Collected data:

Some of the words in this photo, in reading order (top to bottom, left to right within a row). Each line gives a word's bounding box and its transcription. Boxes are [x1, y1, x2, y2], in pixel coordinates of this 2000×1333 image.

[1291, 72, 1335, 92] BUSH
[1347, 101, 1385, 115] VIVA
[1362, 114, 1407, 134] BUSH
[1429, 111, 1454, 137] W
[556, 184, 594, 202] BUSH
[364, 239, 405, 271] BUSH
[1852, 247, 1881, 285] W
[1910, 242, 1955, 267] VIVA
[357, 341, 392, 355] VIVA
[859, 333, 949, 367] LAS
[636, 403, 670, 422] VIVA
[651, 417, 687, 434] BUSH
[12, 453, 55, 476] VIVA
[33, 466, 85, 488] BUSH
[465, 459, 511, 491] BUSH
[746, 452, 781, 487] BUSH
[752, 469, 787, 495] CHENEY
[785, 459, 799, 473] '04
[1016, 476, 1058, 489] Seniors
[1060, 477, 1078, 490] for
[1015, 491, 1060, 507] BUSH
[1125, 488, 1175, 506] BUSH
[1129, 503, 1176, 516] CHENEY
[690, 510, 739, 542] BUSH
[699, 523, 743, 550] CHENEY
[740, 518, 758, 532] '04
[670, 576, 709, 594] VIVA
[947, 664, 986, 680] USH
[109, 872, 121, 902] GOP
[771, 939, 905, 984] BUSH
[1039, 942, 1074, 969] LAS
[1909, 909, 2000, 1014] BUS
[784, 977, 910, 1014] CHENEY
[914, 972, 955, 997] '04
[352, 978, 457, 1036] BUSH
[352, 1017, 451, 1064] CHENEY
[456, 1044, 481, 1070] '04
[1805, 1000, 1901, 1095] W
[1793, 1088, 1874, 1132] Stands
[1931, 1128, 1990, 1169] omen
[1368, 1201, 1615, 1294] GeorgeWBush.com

■ **Work order**: What's needed is an exact copy of every entry.

■ **Solution to this exercise**:
Some of the words in this photo, in reading order (top to bottom, left to right within a row). Each line gives a word's bounding box and its transcription. Boxes are [x1, y1, x2, y2], in pixel coordinates of this 2000×1333 image.

[1291, 72, 1335, 92] BUSH
[1347, 101, 1385, 115] VIVA
[1362, 114, 1407, 134] BUSH
[1429, 111, 1454, 137] W
[556, 184, 594, 202] BUSH
[364, 239, 405, 271] BUSH
[1852, 247, 1881, 285] W
[1910, 242, 1955, 267] VIVA
[357, 341, 392, 355] VIVA
[859, 333, 949, 367] LAS
[636, 403, 670, 422] VIVA
[651, 417, 687, 434] BUSH
[12, 453, 55, 476] VIVA
[33, 466, 85, 488] BUSH
[465, 459, 511, 491] BUSH
[746, 452, 781, 487] BUSH
[752, 469, 787, 495] CHENEY
[785, 459, 799, 473] '04
[1016, 476, 1058, 489] Seniors
[1060, 477, 1078, 490] for
[1015, 491, 1060, 507] BUSH
[1125, 488, 1175, 506] BUSH
[1129, 503, 1176, 516] CHENEY
[690, 510, 739, 542] BUSH
[699, 523, 743, 550] CHENEY
[740, 518, 758, 532] '04
[670, 576, 709, 594] VIVA
[947, 664, 986, 680] USH
[109, 872, 121, 902] GOP
[771, 939, 905, 984] BUSH
[1039, 942, 1074, 969] LAS
[1909, 909, 2000, 1014] BUS
[784, 977, 910, 1014] CHENEY
[914, 972, 955, 997] '04
[352, 978, 457, 1036] BUSH
[352, 1017, 451, 1064] CHENEY
[456, 1044, 481, 1070] '04
[1805, 1000, 1901, 1095] W
[1793, 1088, 1874, 1132] Stands
[1931, 1128, 1990, 1169] omen
[1368, 1201, 1615, 1294] GeorgeWBush.com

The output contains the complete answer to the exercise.